To make that argument requires that we ignore historical precedent. Rome became an Empire because Caesar was granted power as “dictator,” a position created in times of war or great threat to the Roman Republic, which by law was to last only 6 months. The Wikipedia explains that “there could never be more than one dictator at any one time for any reason, and no dictator could ever be held legally responsible for any action during his time in office for any reason.” Caesar extended the length of his term to 10 years, and as Caesar accumulated power, acclaim, and influence, the Senate simply made those powers permanent. The Senate persisted as a frail shell of its Republican glory until the Visigoths showed up a few hundred years later, and all that time, the Senate was never more than a formality.
I’m waiting for someone to explain where I’m wrong about this. Did Congress make Bush a dictator in the Roman sense with the Afghanistan resolution? Which Constitutional rights may he abridge? The Second amendment is pretty fuzzy in its impact on individual citizens. Could he round up all the privately owned firearms? Did Congress inadvertently authorize that? Between the torture and the secret prisons and the domestic spying, we’ve basically trampled all over the 4th, 5th, 6th, 7th, and 8th amendments. The third doesn’t apply in wartime (we know that because the text actually specifies how to handle times of peace and times of war). The 9th and 10th are catch-all amendments. That leaves only the 1st and 2nd of the original 10. Sure, they all managed to survive a Civil War, two World Wars and a Cold War (complete with nuclear weapons). The “war on terror” is different.
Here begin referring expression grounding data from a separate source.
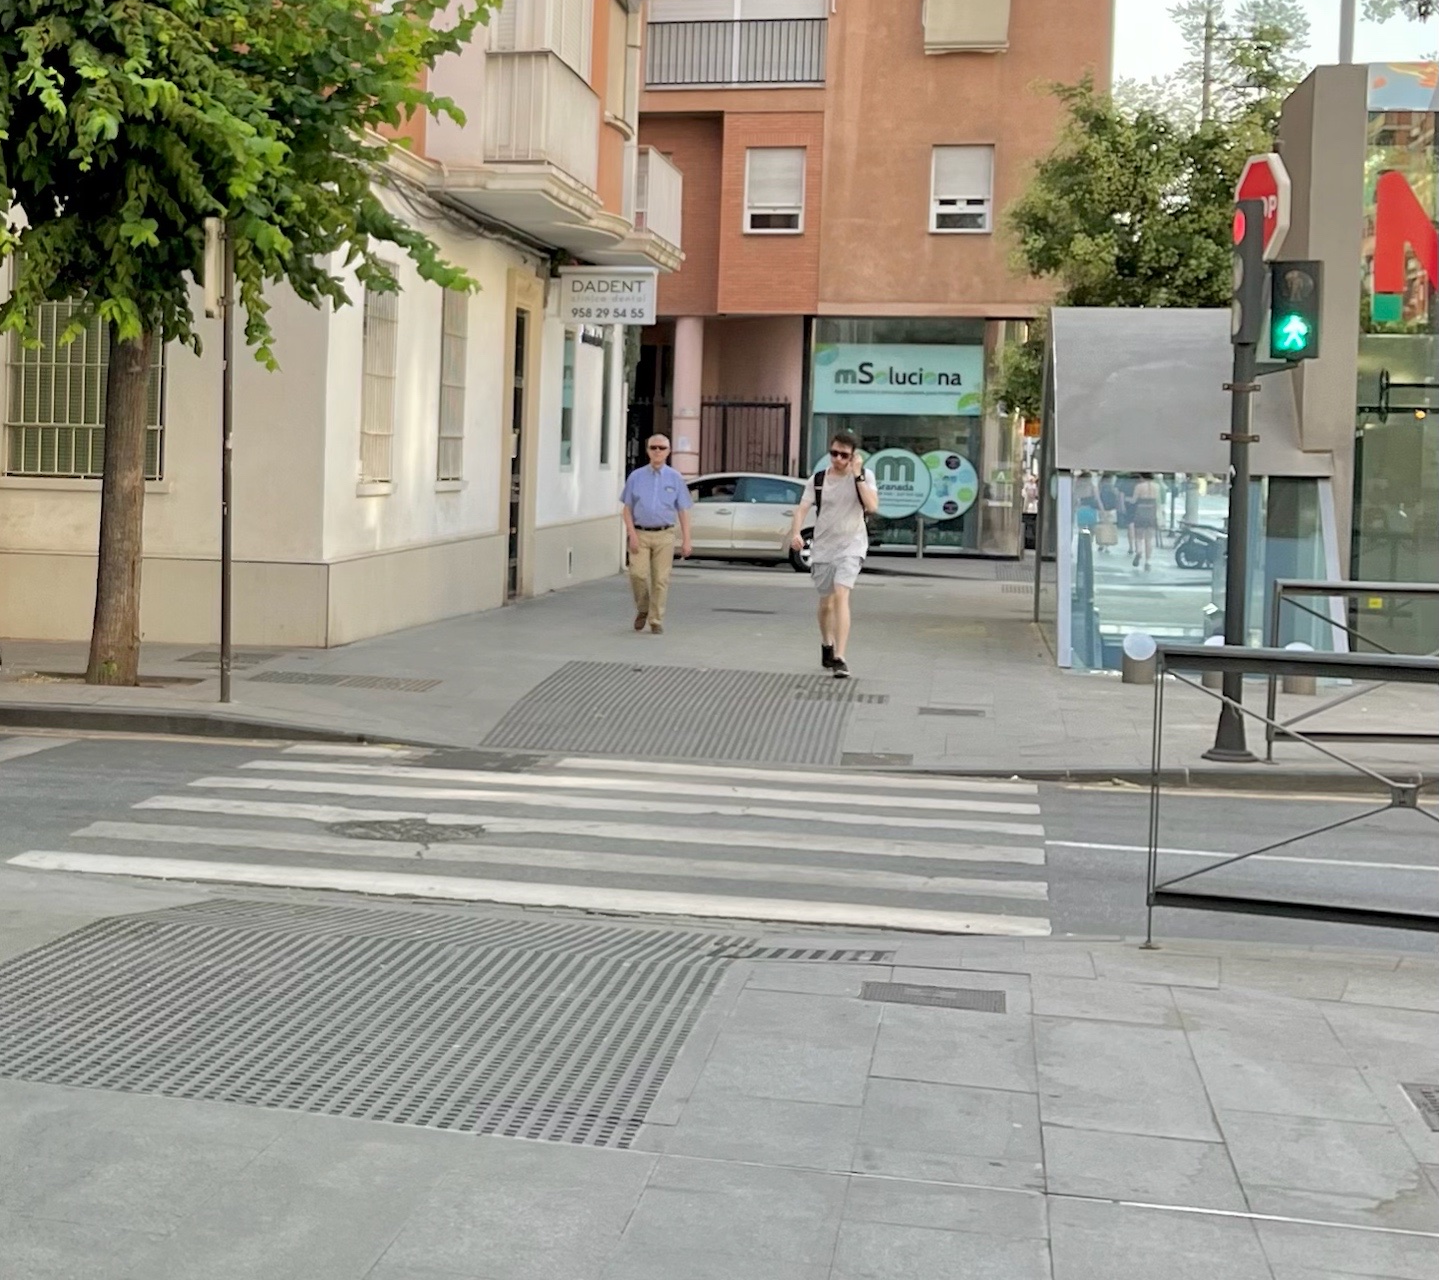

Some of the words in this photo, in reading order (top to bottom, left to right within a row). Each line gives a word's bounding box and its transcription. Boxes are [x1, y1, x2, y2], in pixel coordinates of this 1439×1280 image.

[571, 280, 646, 294] DADENT
[571, 307, 592, 318] 958
[596, 307, 610, 318] 29
[612, 307, 627, 318] 54
[630, 307, 645, 318] 55
We’re fighting an emotion, and in a war like that, you might as well piss away the liberties this country was founded to protect.
Before I descend wholly into the madness Terry so eloquently describes, I’ll stop for the night.
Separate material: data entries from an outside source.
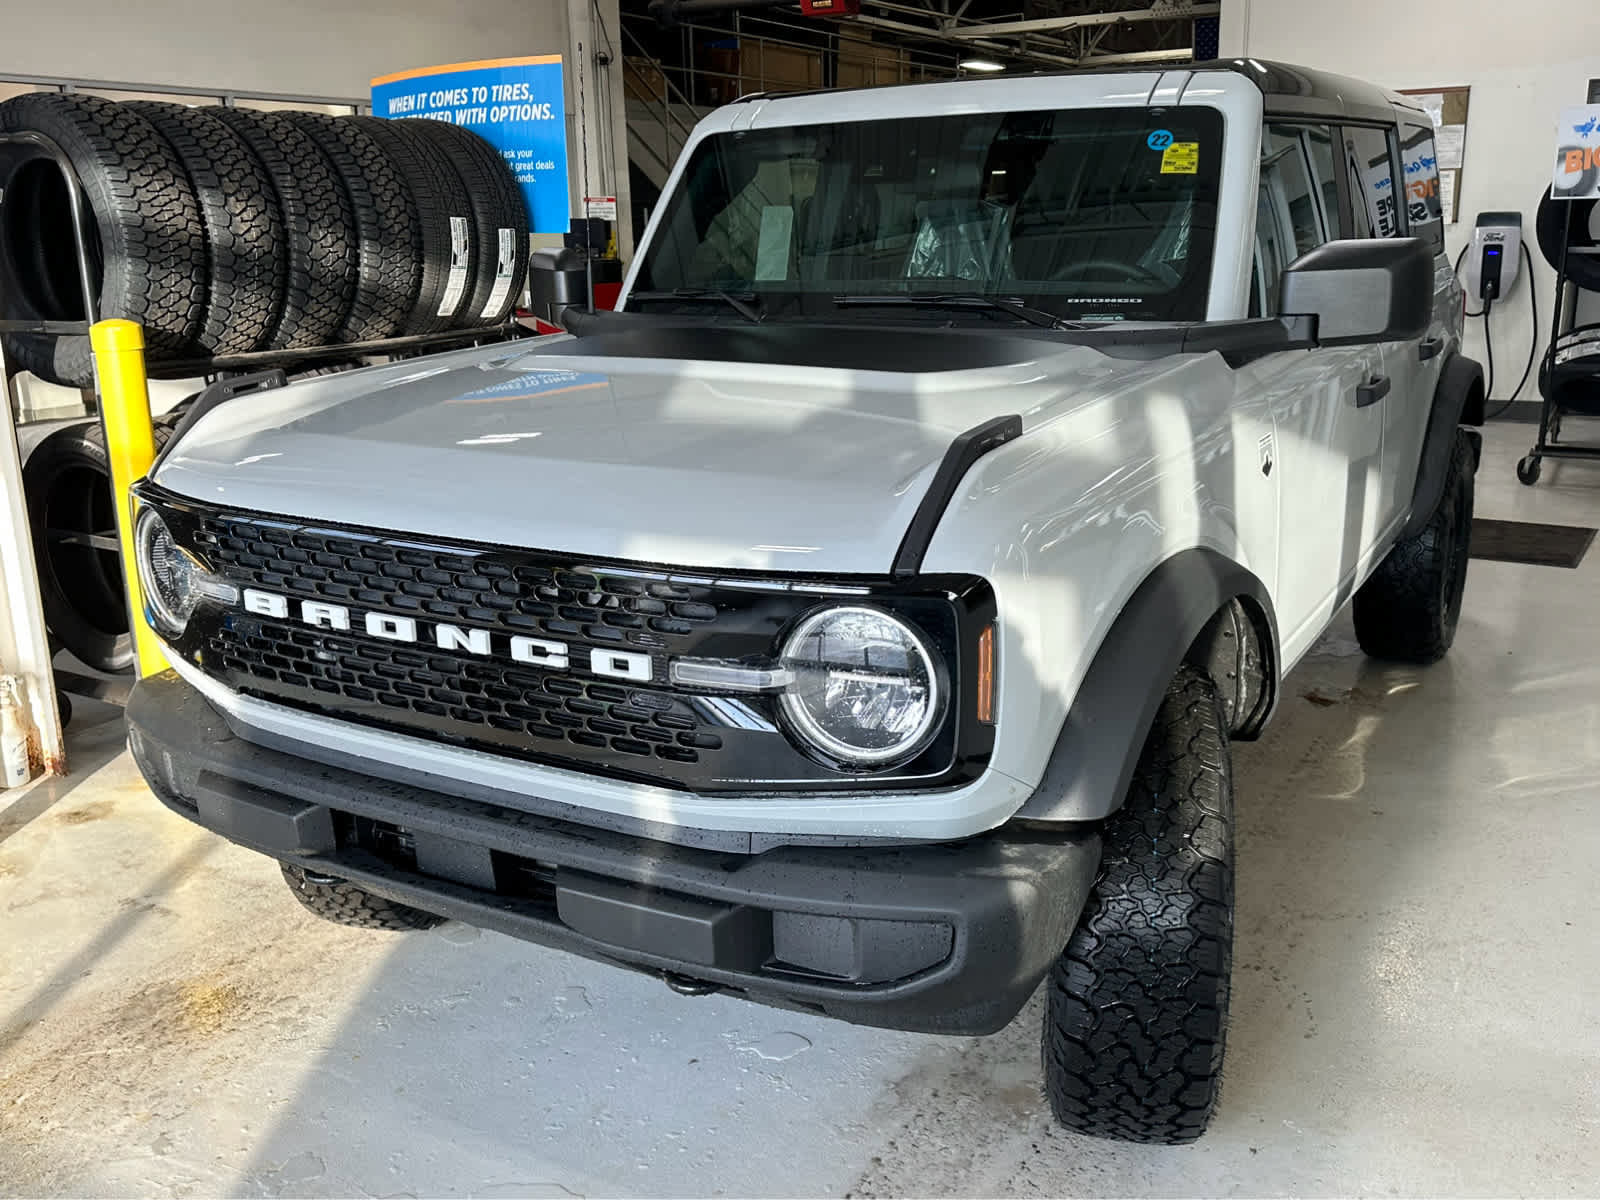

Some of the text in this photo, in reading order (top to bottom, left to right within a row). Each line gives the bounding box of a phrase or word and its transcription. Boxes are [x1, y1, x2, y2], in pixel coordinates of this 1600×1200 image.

[388, 83, 534, 114] WHEN IT COMES TO TIRES,
[455, 107, 487, 126] WITH
[490, 103, 555, 122] OPTIONS.
[1151, 134, 1170, 146] 22
[503, 149, 516, 159] ask
[517, 149, 533, 160] your
[515, 161, 534, 172] great
[536, 159, 555, 170] deals
[514, 173, 536, 183] rands.
[243, 587, 653, 682] BRONCO
“The Power and the Glory” by Pete Seeger from the album God Bless The Grass (1966, 2:32).
She’s only as rich as the poorest of the poor.
Only as free as a padlocked prison door
Only as strong as our love for this land
Only as tall as we stand
Here is a land full of power and glory
Beauty words cannot recall.
Her power shall rest on the strength of her freedoms,
Her glory shall rest on us all.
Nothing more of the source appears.